In accordance with ASC 740-10, Income Taxes, we evaluate our deferred tax assets, including the benefit from net operating losses (“NOLs”) and tax credit carryforwards, to determine if a valuation allowance is required. Companies must assess, using significant judgments, whether a valuation allowance should be established based on the consideration of all available evidence using a “more likely than not” standard with significant weight being given to evidence that can be objectively verified. This assessment gives appropriate consideration to all positive and negative evidence related to the realization of the deferred tax assets and considers, among other matters, the nature, frequency and severity of current and cumulative losses, forecasts of future profitability, the length of statutory carryforward periods, our experience with operating losses and our experience of utilizing tax credit carryforwards and tax planning alternatives. Based upon a review of all available evidence, we recorded a full valuation allowance against our deferred tax assets during 2008 due to economic conditions and the weight of negative evidence at the time.
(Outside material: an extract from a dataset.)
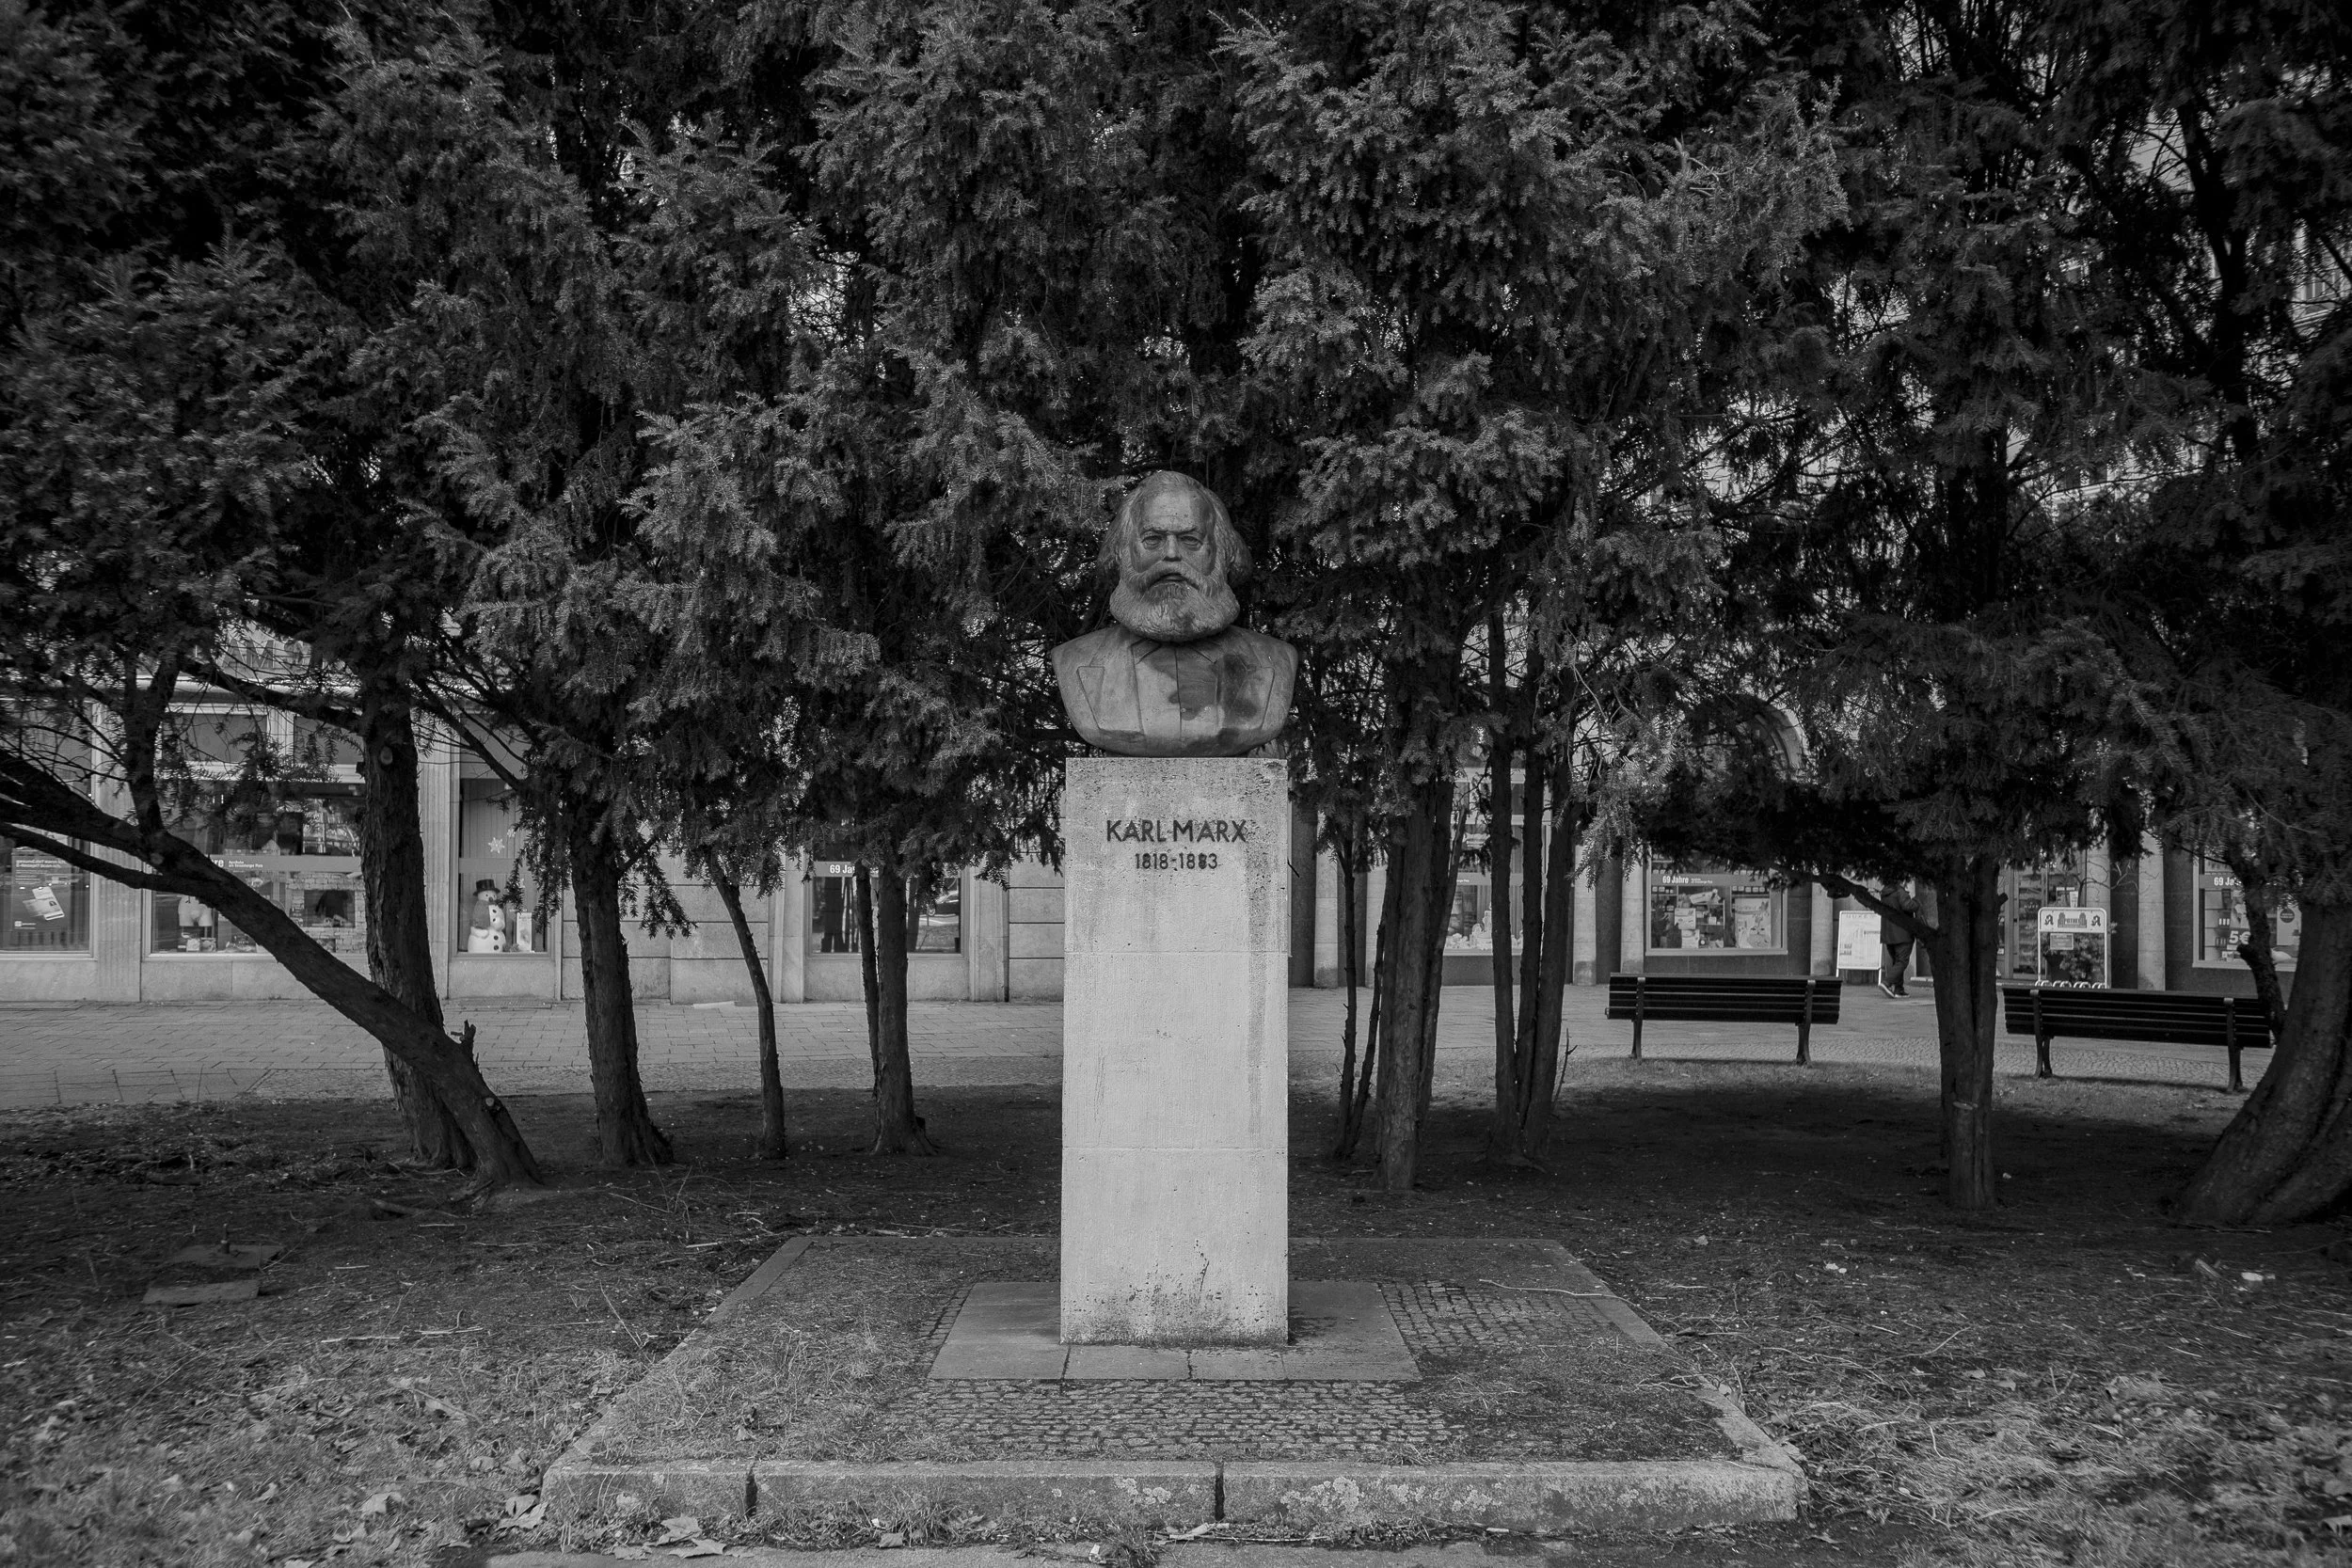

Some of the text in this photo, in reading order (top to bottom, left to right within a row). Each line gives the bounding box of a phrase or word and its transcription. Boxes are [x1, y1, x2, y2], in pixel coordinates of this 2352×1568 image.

During 2013, the Company concluded that it was more likely than not that the majority of its deferred tax assets would be utilized. This conclusion was based on a detailed evaluation of all relevant evidence, both positive and negative. The Company is required to use judgment in considering the relative impact of negative and positive evidence when determining the need for a valuation allowance for its deferred tax asset. The weight given to the potential effect of negative and positive evidence shall be commensurate with the extent to which it can be objectively verified. The more negative evidence that exists, the more positive evidence is needed.
The positive evidence considered by the Company in its evaluation for each of our taxing jurisdictions was the objective evidence related to our past and current financial results, including a period of sustained profitability comprising six consecutive quarters of pre-tax net income, and the projected utilization of a majority of our current NOL carryforwards and temporary differences as they reverse in the carryforward periods, generally 20 years. Other positive evidence considered, among other things, was our expectation of continued earnings and continued indications of a sustained recovery in the housing markets in which the Company operates. This is evidenced by the significant increases experienced by the Company in several key financial indicators compared to the prior year, including new contracts, revenues, backlog sales value, new home deliveries and declining overhead leverage as a percent of revenue. We believe that economic data, such as recent and forecasted increases in housing starts, homebuilding volume and average sales prices, also affirm the recovery in the housing industry. We believe historically low mortgage rates, affordable home prices, reduced foreclosures, and a favorable home ownership to rental comparison continue to drive the recovery in the housing industry.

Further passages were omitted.